I couldn’t stop thinking about a book I read in school, (which I can’t really recommend because it is nearly impenetrable and jammed full of academic lingo). It is Catherine Pickstock’s After Writing, and in it she takes on several modern and post modern philosophers who like to argue that language does in fact, tend to slip out of place, and as hard as we try to keep saying things and meaning things, eventually nothing really holds.
That all gets dense but I felt like I was watching it happen. No one could post Happy Holidays or Merry Christmas without me having to at least concede the possibility that they were actually being snarky in their tone, and that what they meant was the opposite. “Only my holiday matters,” or “Don’t you love how we have to be politically correct,” or, “There is no way in hell I will actually let any hint of Christmas show up in my vocabulary.” Both sides of the culture wars having bee duking it out, so I had to wonder, was it actually even Christmas?
So that is when I decided to do something I absolutely did not feel like doing. I pulled myself out of bed, put on my Christmas sweater that Karen gave me in high school (it was really big on me at the time), and I hauled my butt into the kitchen to cook up some duck. Yes duck.
I made the cranberry sauce, I roasted the potatoes, I made the mushroom gravy and seared the duck. I plopped it all down in my dining room table, unwrapped the baby Jesus, who I keep in wrapping paper and bows till the 25th, and sat down to force myself to feast.
I lit all four Advent candles and turned to a Christmas prayer by St. Augustine:
Let the just rejoice, for their justifier is born.
Let the sick and infirm rejoice, for their saviour is born.
Let the captives rejoice, for their Redeemer is born.
Let slaves rejoice, for their Master is born.
Let free men rejoice, for their Liberator is born.
Let All Christians rejoice,
For Jesus Christ is born.
I said amen, and I ate. I did not feel like eating, but I ate.

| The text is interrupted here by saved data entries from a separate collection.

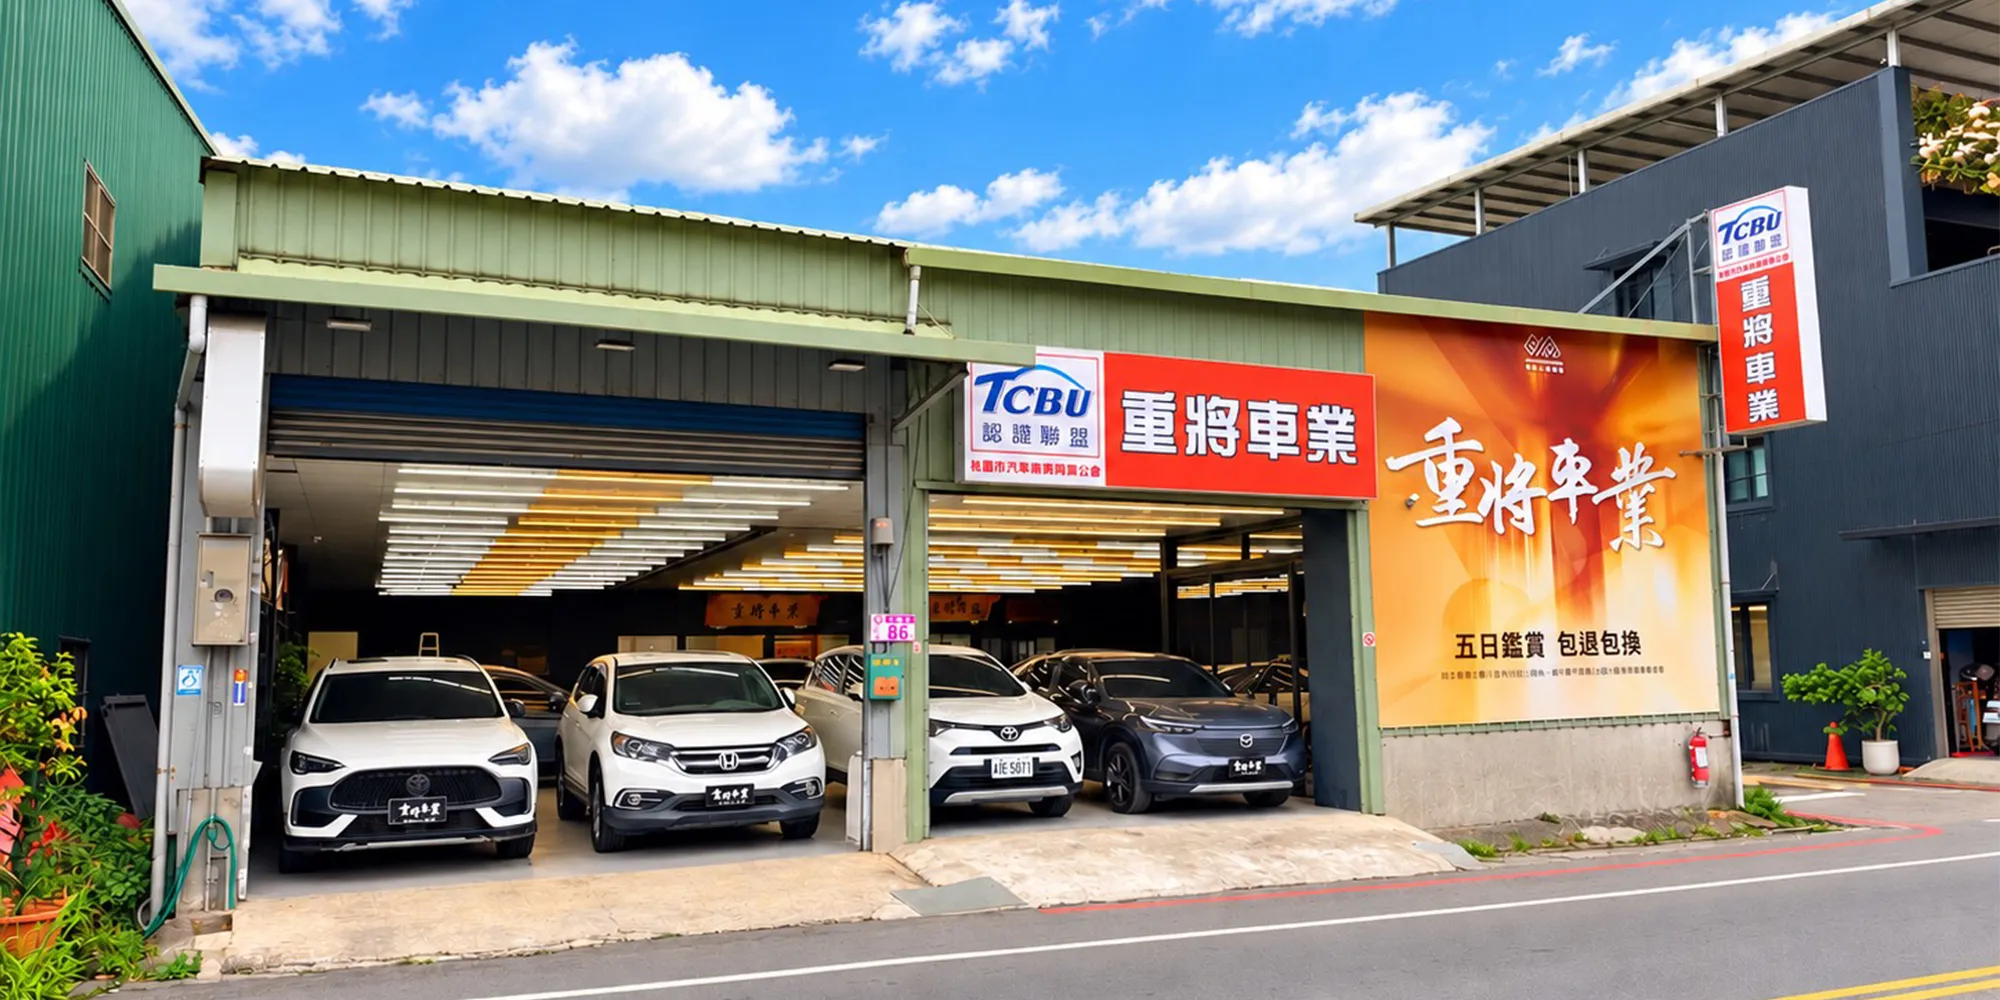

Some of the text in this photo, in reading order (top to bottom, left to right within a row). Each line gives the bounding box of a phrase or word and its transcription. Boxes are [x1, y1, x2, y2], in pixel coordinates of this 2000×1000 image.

[1717, 206, 1782, 246] TCBU
[1740, 275, 1780, 423] 重將車業
[974, 365, 1095, 417] TCBU
[1120, 389, 1359, 466] 重將車業
[1386, 417, 1677, 552] 重將車業
[888, 624, 908, 640] 86
[1455, 630, 1642, 660] 五日鑑賞 包退包換

I was still a little sad throughout my meal, there was no ABC Family Christmas miracle to turn the day around. I just ate, and prayed and for awhile just kept praying.
Lord, you know what it means to be vulnerable
A fragile young life, a defenseless young babe
So may this heart be vulnerable and open
This Christmas with Christ, walking closer each day
And when I was done I went back into my bedroom, put on 30 Rock, and pulled the blankets back up to my chin.

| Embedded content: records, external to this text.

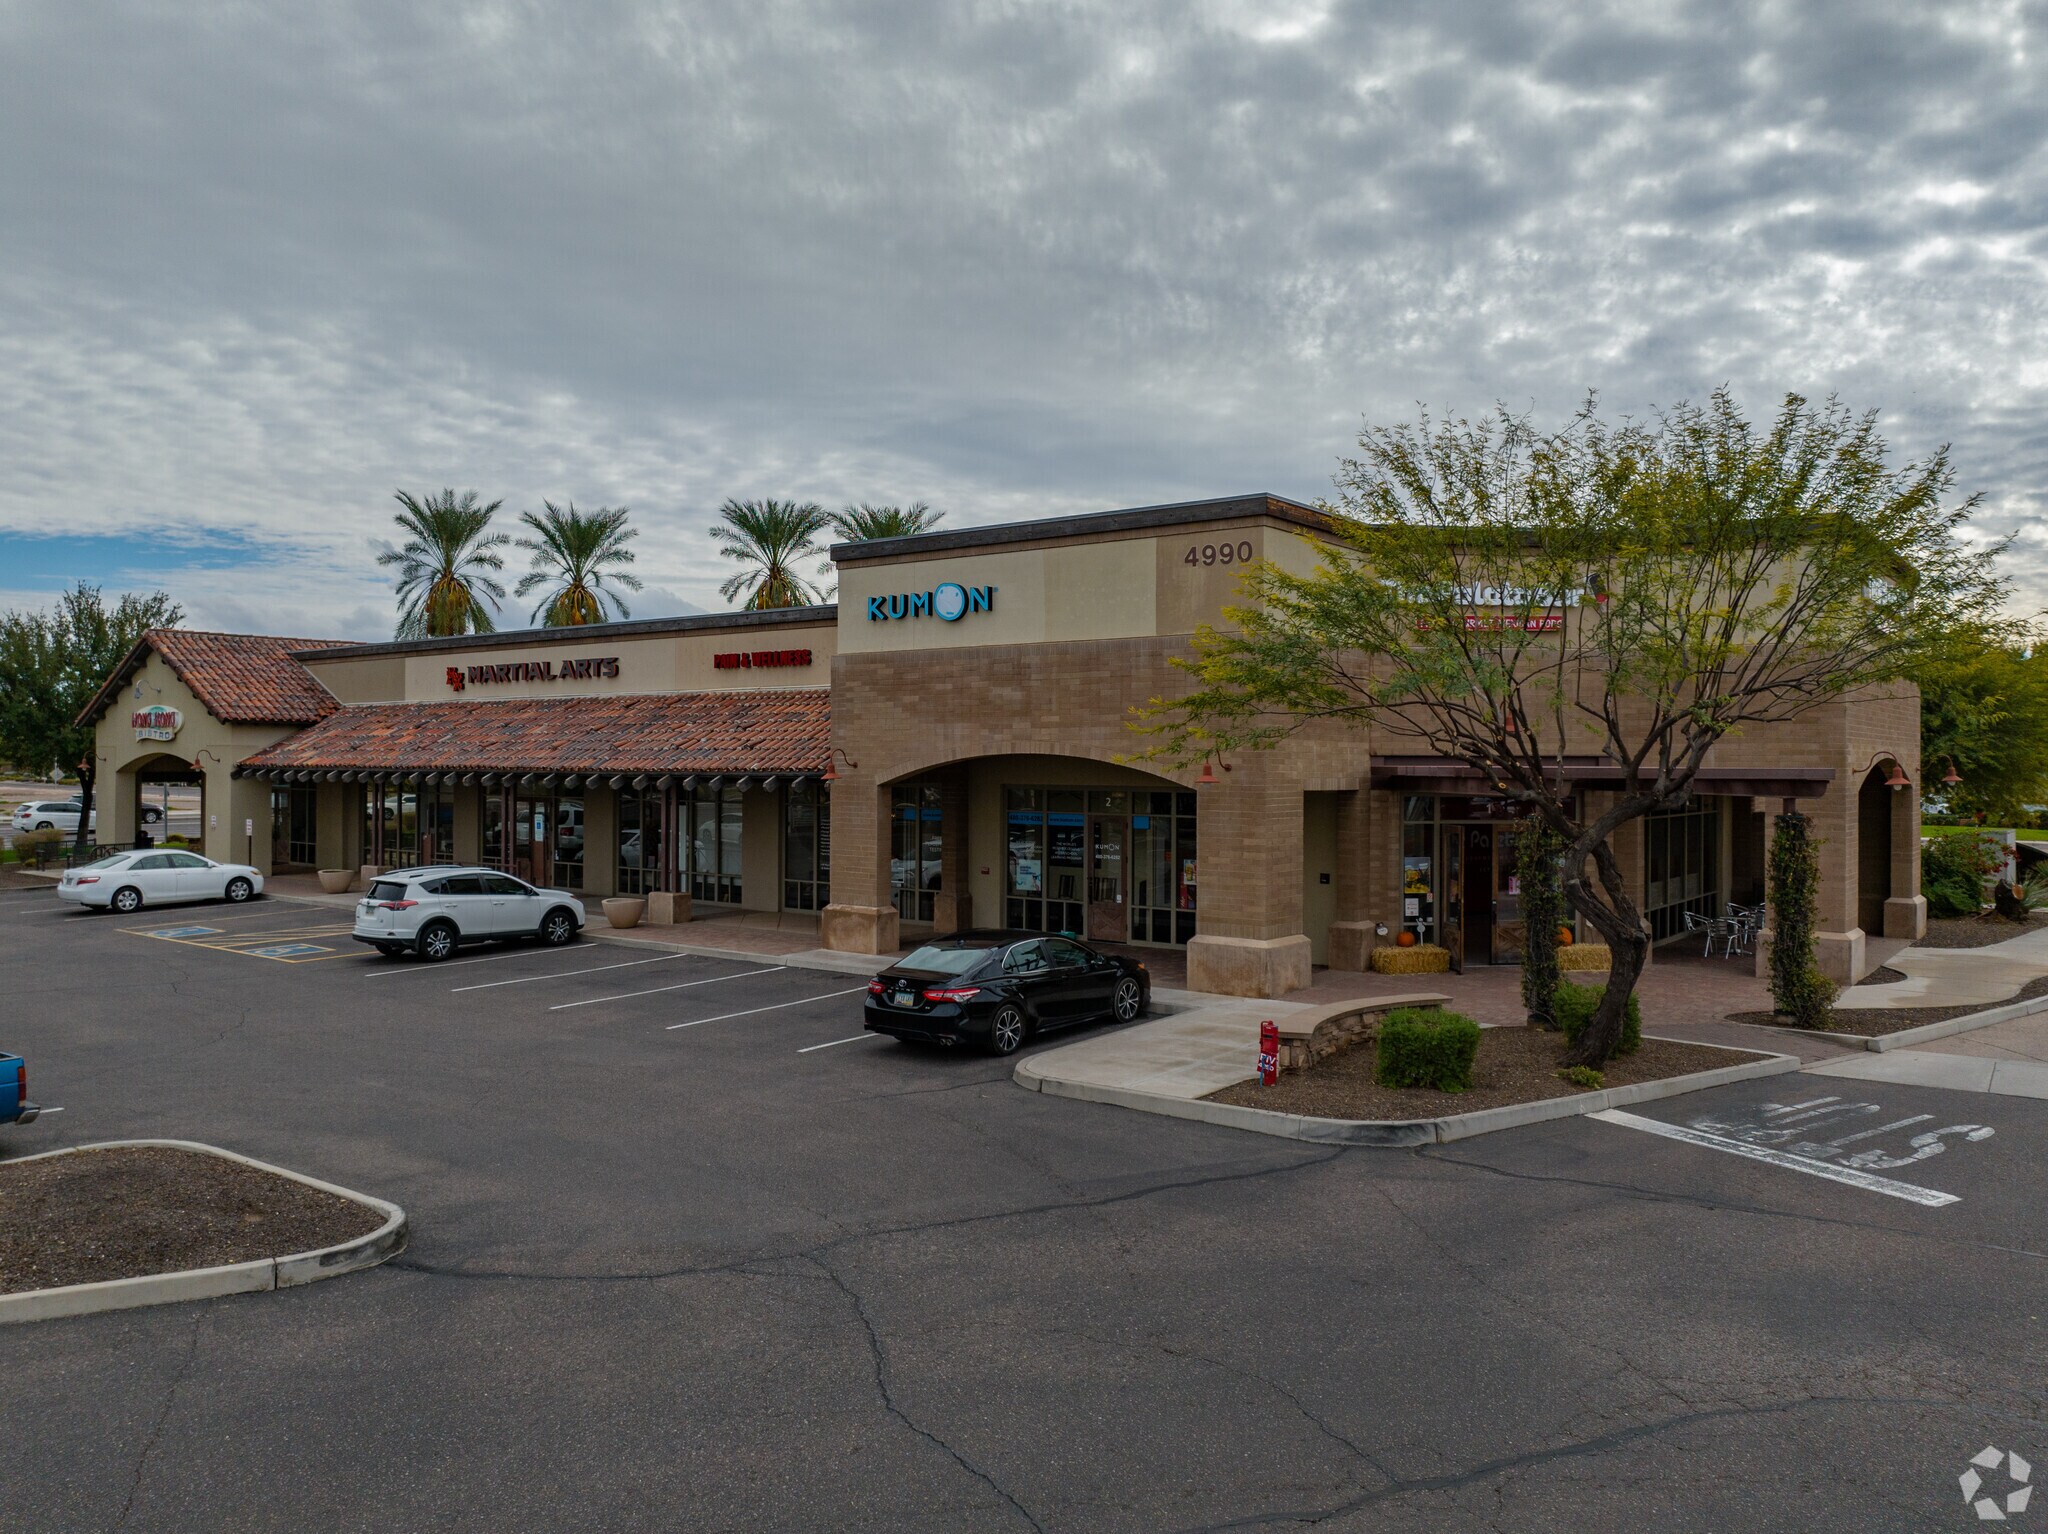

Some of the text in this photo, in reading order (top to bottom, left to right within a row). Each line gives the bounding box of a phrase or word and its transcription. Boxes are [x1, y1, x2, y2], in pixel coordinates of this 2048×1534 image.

[1184, 541, 1252, 567] 4990
[868, 583, 993, 621] KUMON
[714, 650, 812, 669] PAIN & WELLNESS
[467, 661, 557, 684] MARTIAL
[558, 657, 619, 679] ARTS
[138, 730, 171, 740] BISTRO
[1105, 797, 1111, 807] 2
[1095, 843, 1120, 851] KUMON

Catherine Pickstock says to the modern philosophers that, sure, language would be the senseless and would slip out of place entirely except the language of our prayers, the sounds of our liturgies, the words of our praise… do not.
A prayer spoken always finds its home. And as soon as it does it must be spoken again and again no matter how imperfectly for we are always being drawn more deeply in to the infinite love of an infinite God.
Today, on Epiphany, I am fully aware that there is still strife in Ferguson, war in Syria, hunger in Alabama and Ebola in Sierra Leone. I am not suspending any of those cares or concerns, but quite the opposite. I gather them into my prayers and feel free to admit that the world is unfinished, broken and yearning… and that some I am. Those words will find their home.
In the Church calendar there are seasons set aside for fasting and giving things up. There are also seasons set aside for feasting and for praise. I have learned to try to appreciate the disciple of fasting – as hard as it is – and accept that I don’t get to choose when those times are. This Christmas I also learned that there is a discipline to joy, to feasting, and lifting our Alleluias. I don’t always get to choose those times either and I may not always be in the mood for it, but in a world of sarcasm, parody, irony, snark, and tragedy it is good to make a point to say something that actually goes somewhere, even if you have trouble meaning it: May God be praised.